• _Collected data entries_:
☆ ☆ ☆
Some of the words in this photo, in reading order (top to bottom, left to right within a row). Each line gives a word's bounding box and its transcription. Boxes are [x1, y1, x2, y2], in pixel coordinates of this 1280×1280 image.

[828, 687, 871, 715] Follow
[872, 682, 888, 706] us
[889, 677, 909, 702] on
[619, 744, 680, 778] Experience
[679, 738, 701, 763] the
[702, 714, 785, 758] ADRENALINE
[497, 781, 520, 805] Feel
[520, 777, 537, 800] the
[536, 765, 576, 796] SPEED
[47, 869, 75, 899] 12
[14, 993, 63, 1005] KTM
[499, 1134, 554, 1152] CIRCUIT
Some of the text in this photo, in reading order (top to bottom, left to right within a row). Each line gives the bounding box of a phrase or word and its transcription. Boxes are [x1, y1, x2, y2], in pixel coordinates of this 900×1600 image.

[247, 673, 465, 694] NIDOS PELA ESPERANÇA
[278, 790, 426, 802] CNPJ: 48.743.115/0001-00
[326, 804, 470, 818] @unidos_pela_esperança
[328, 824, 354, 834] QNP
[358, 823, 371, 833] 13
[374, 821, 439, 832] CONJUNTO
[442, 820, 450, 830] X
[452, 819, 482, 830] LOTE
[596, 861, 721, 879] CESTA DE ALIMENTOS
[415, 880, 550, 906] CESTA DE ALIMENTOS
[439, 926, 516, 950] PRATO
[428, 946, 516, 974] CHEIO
☆ ☆ ☆
• _Goal of the exercise_:
Beginning at the line that holds "Some of the text", reproduce each line of the records above down to and including the last one.

• _Result of this task_:
Some of the text in this photo, in reading order (top to bottom, left to right within a row). Each line gives the bounding box of a phrase or word and its transcription. Boxes are [x1, y1, x2, y2], in pixel coordinates of this 900×1600 image.

[247, 673, 465, 694] NIDOS PELA ESPERANÇA
[278, 790, 426, 802] CNPJ: 48.743.115/0001-00
[326, 804, 470, 818] @unidos_pela_esperança
[328, 824, 354, 834] QNP
[358, 823, 371, 833] 13
[374, 821, 439, 832] CONJUNTO
[442, 820, 450, 830] X
[452, 819, 482, 830] LOTE
[596, 861, 721, 879] CESTA DE ALIMENTOS
[415, 880, 550, 906] CESTA DE ALIMENTOS
[439, 926, 516, 950] PRATO
[428, 946, 516, 974] CHEIO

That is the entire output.